HLA-A*0201 allele’s expression has been found to be increased in
HPV-associated cervical cancer [42]. Therefore, we selected HLAA*
0201 allele for prediction of T cell MHC-I epitopes of L1 and L2
proteins of HPV. In this study some potential T cell MHC-I
epitopes were found in conserved regions within the sequences
of L1 protein of HPV type 16 and 18. No T cell MHC-I epitope
was found in conserved regions of HPV L2 protein sequences.T cell MHC-II epitopes were predicted by using Peptide binding
to MHC class II molecules tool [Immune Epitope Database
(IEDB)]. This tool provides a consensus approach to predict MHC
Class II epitopes based upon Sturniolo, ARB, and SMM align.

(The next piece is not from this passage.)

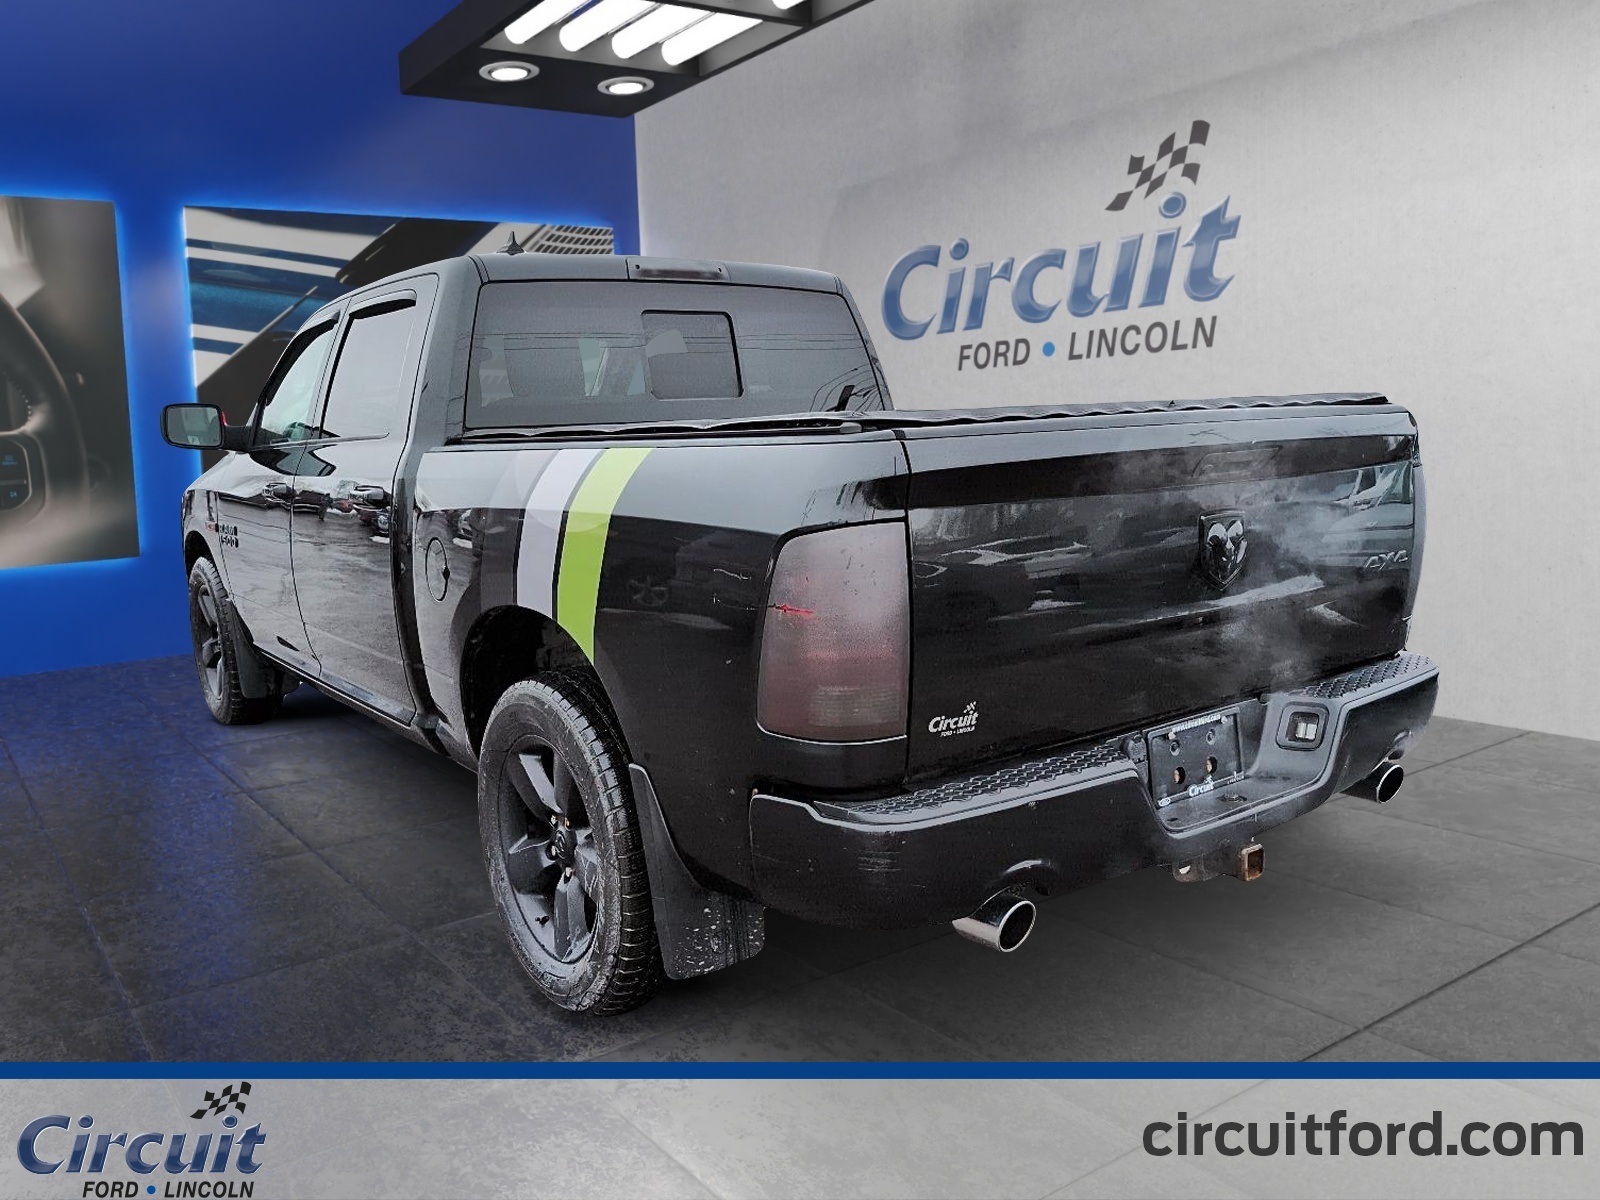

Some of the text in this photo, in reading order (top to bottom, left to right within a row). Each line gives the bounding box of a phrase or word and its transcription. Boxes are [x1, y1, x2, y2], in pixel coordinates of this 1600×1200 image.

Several HLA class II alleles have been found to increase the risk
of cervical cancer when associate with it [43,44]. DRB1*1501 and
DQB1*0602 alleles were found to be associated only with HPV 16
possitive cervical cancer [45]. Thus, we selected HLA- DRB1*1501
and DQB1*0602 alleles to predict T cell MHC-II epitopes of L1
protein of HPV 16. The most important at-risk alleles are
DQB1*0301 and DRB1*0401, when associated with HPV 18
positive cancers [46]. So we had selected DRB1*0401 and
DQB1*0301 to predict T cell MHC-II epitopes of L1 protein of
HPV 18. Some potential T cell MHC-II epitopes of L1 proteins of
HPV 16 and 18 were found but no one was found in conserved
regions within the sequences of L2 protein of HPV.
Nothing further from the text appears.